May God rescue you from this mall with a death sentence soon.”


I’ve been thinking about this line since yesterday, that someone dropped it in a group chat. The funny thing is, it’s not untrue. But there’s still something disturbing about it that has been occupying my mind.

There are two types of people here. One type absolutely hates Singapore; they feel trapped and want to move toward the West. The other kind absolutely loves it here: good salary, better quality of life, higher standards in everything, a travel hub in the heart of Southeast Asia where you can just hop on a flight and be at a spectacular beach within a few hours, the most beautiful nature when it’s green and the most stunning buildings when it’s not. The gap between the two kinds seems huge. I’m yet to figure out which type I belong to.

But also — why on earth do we have to make everything black and white? Like, why can’t it be something like, “It’s good here, except for the weather,” for example? And I was like that for the first few weeks. I kept telling people how I kinda liked it here, except for the weather, food, and culture. But recently I’ve realised I’m just repeating myself, speaking from habit without even thinking about whether I still feel that way. Frankly, I’ve even bored myself with the same conversation over and over again. Yes, the weather is hot and humid, get over yourself, Fatima.

I’ve been thinking about a lot of things lately, one of which is whether I like it here or not. Like, I’m in such a rush to make a decision. I don’t know why I’ve been hurrying myself. I keep doing self-checks on whether I’m happy or not. I’m just so embarrassed that this is my litmus test for deciding things. How shallow of me? What if I’m deeply unhappy? Does that make this country a bad place? Not really, no. Also, what is happiness anyway?

This is a day-old topic now, we’ve talked about it enough. But in short: you drink a nice cup of coffee, you have a nice conversation with a good friend —  boom, you’re happy. A few hours later — boom, happiness is gone. Because it’s momentary. It doesn’t last. What lasts is being content and at peace with your surroundings in the bigger picture. But for some shallow reason, I keep questioning where I am on this happiness scale.
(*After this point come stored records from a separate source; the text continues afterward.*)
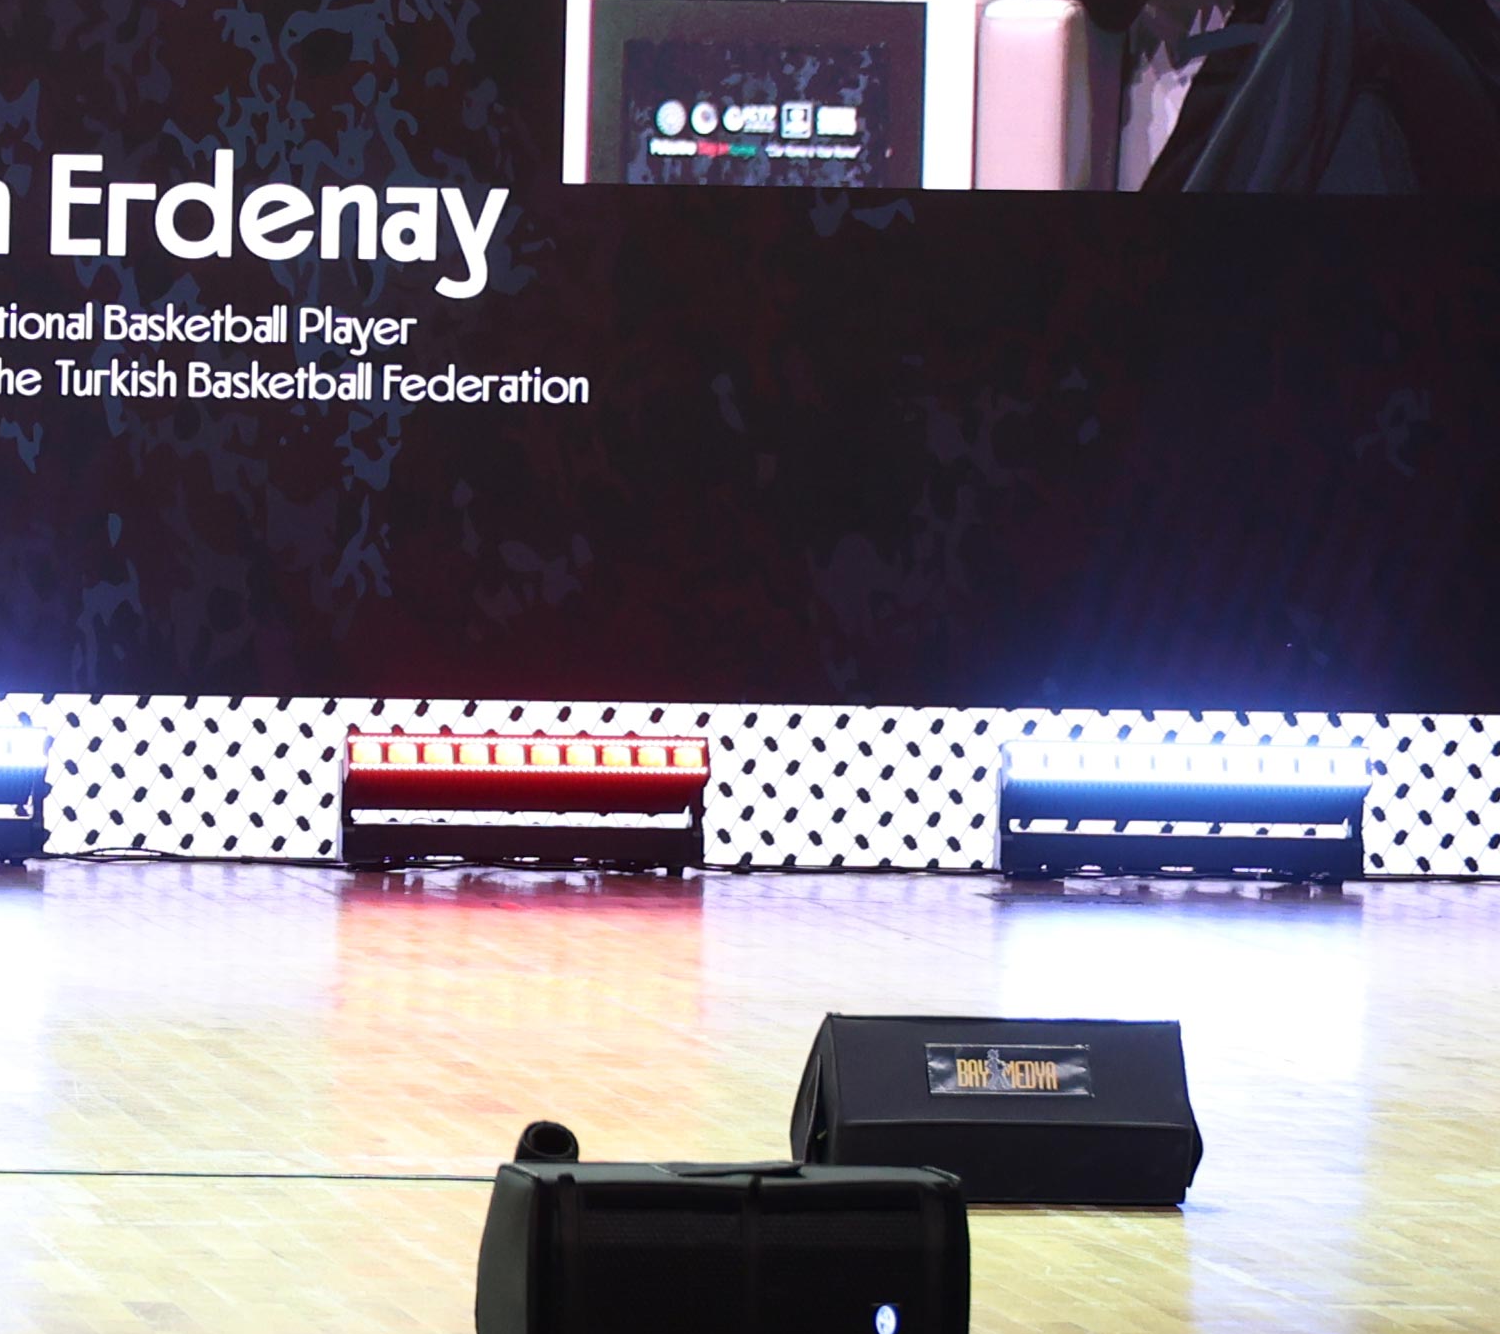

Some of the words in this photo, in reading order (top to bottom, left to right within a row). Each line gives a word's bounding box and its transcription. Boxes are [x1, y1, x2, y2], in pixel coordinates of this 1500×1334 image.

[51, 149, 510, 299] Erdenay
[104, 303, 288, 344] Basketball
[300, 306, 417, 355] Player
[55, 359, 177, 398] Turkish
[188, 361, 373, 401] Basketball
[384, 364, 589, 404] Federation
[956, 1059, 989, 1088] BAY
I don’t know what trophy I’m going to get if I figure it out, but frankly, it matters to me.

Yesterday I was deeply unhappy because the unripe avocados I’d been saving for a weekend breakfast ripened too quickly and turned all black and mouldy. I had to throw away four once-great avocados that I’d been so proud of ever since I got them on sale at a faraway neighbourhood market. And now they’re gone — so is my avocado-egg-toast breakfast dream. But so, what? I went for a little walk and got myself eggs, turkey bacon, English muffins, pancakes, and coffee. Because I was hungry and didn’t want to choose. And frankly, things are cheap enough here that you can order yourself two breakfasts without breaking the bank.

But it’s not always like that in life. Most of the time, you’ve got to choose one thing and stick with it, irrespective of how humid it is. That’s just how it is. There are so many perks I keep forgetting. Like, I’m doing my dream job. But I guess I can’t help comparing everything to my old home, which, honestly, has become like a curse now. Because I remember so many times thinking, Oh God, I hate living in the UK. I didn’t really hate it — I was just having a bad day. But it’s easier to blame the country you’re living in rather than accept that it’s just a circumstantial thing.
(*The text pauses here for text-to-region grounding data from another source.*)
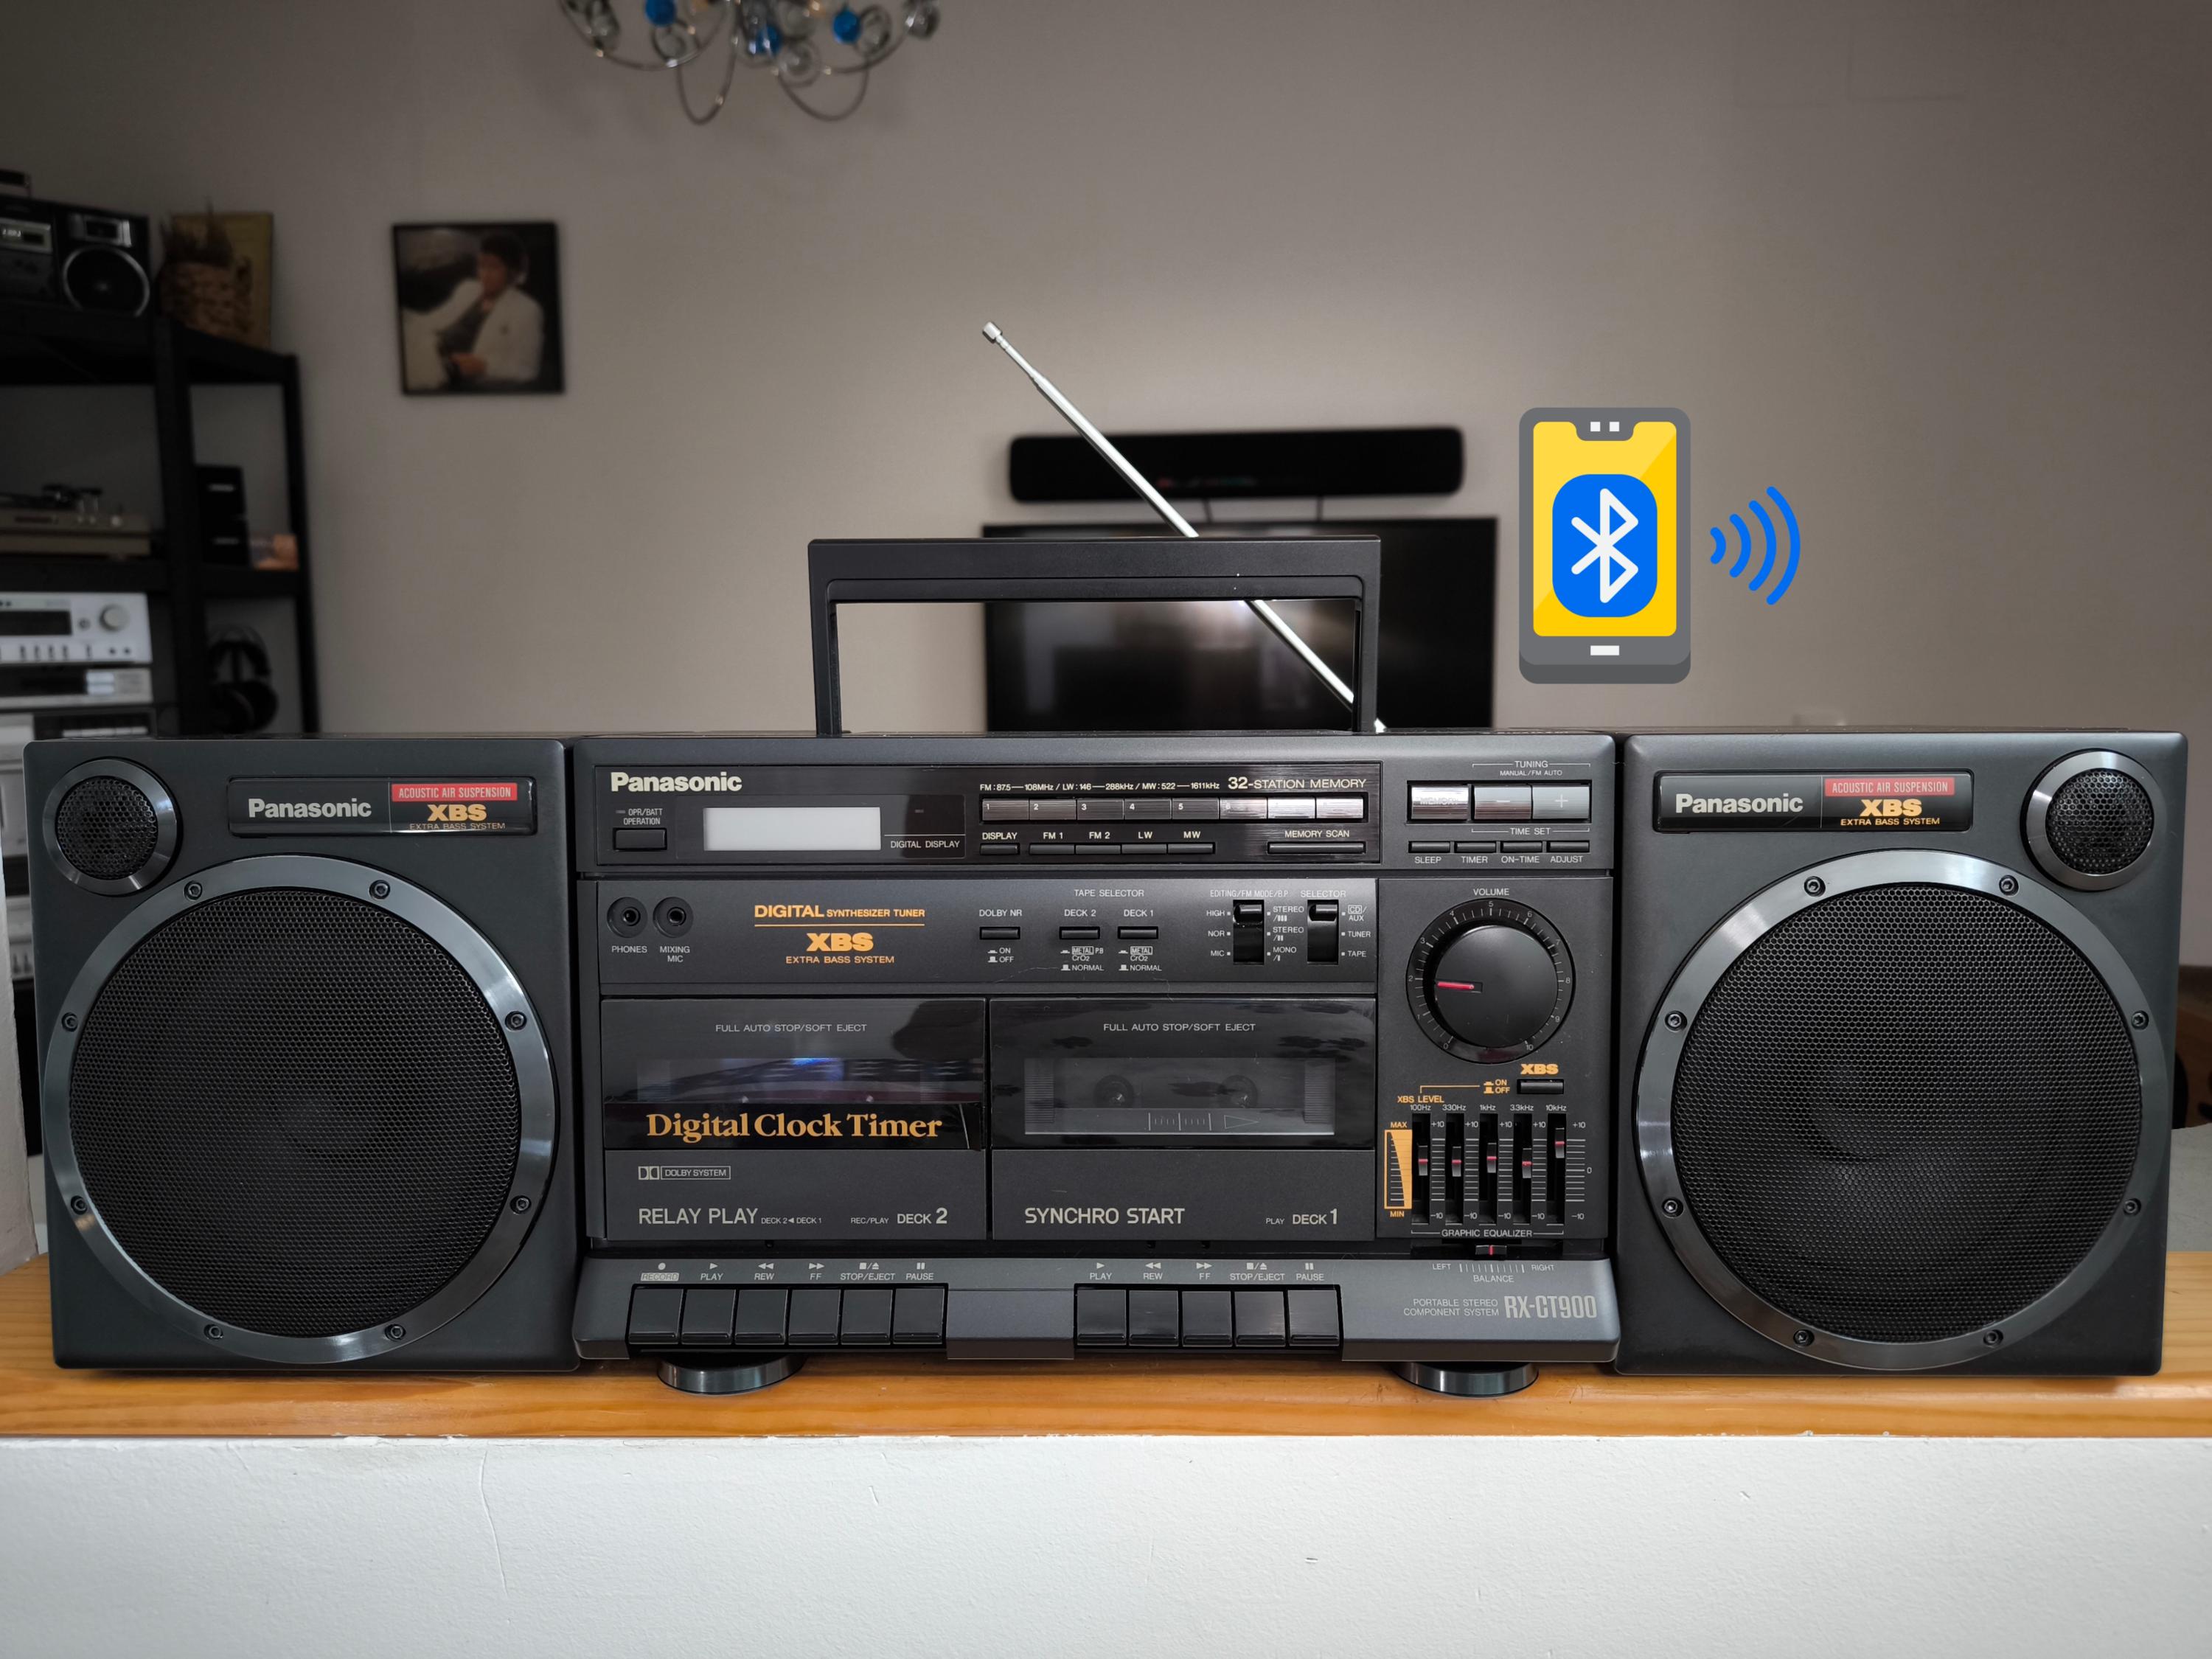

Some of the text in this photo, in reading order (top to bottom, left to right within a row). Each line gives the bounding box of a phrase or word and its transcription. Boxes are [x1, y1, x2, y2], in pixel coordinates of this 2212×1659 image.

[1514, 760, 1548, 768] TUNING
[611, 772, 742, 792] Panasonic
[1228, 776, 1366, 789] 32-STATION MEMORY
[1832, 782, 1948, 793] ACOUSTIC AIR SUSPENSION
[399, 787, 511, 799] ACOUSTIC AIR SUSPENSION
[248, 798, 372, 818] Panasonic
[1676, 793, 1803, 813] Panasonic
[1860, 799, 1922, 816] XBS
[427, 804, 487, 821] XBS
[628, 808, 663, 816] OPR/BATT
[1099, 889, 1144, 897] SELECTOR
[754, 905, 925, 918] DIGITAL SYNTHESIZER TUNER
[806, 933, 874, 952] XBS
[1104, 1023, 1128, 1032] FULL
[1520, 1064, 1559, 1074] XBS
[646, 1113, 943, 1144] Digital Clock Timer
[665, 1169, 726, 1177] DOLBY SYSTEM
[639, 1208, 701, 1225] RELAY
[709, 1208, 758, 1224] PLAY
[897, 1213, 931, 1224] DECK
[936, 1207, 947, 1224] 2
[1025, 1208, 1185, 1224] SYNCHRO START
[1293, 1214, 1326, 1224] DECK
[1330, 1208, 1338, 1224] 1
[641, 1273, 678, 1281] RECORD
[1473, 1275, 1514, 1283] BALANCE
[1413, 1298, 1498, 1307] PORTABLE STEREO
[1503, 1295, 1597, 1318] RX-CT900
[1403, 1308, 1500, 1316] COMPONENT SYSTEM
You can’t really do that in your home country, because where else would you go? But when you’re living in a foreign land, you have the option to choose. So, you can be more vocal about what you like or don’t like. You can still choose to live there, which most people do, but I guess it’s just easier for that foreign country to take the blame for your not-so-smoothly-sailing life.

As for me… I’ve been doing okay. But I’ve been distracting myself with things and people. Frankly, I still do that. Sometimes life is just life. It doesn’t have to be good, bad, or ugly. Sometimes stability and routine weigh much more than happiness. Not to say I’m unhappy — but just to say it doesn’t fucking matter if I’m happy or not.

When it comes to others, I keep preaching about how they should “enjoy every colour of life.” But me? It feels like I’m still searching for that perfect colour, which doesn’t exist, frankly.

 

“I’ve been thinking,
Of all the little things
That you’ve been missing
When will you learn?”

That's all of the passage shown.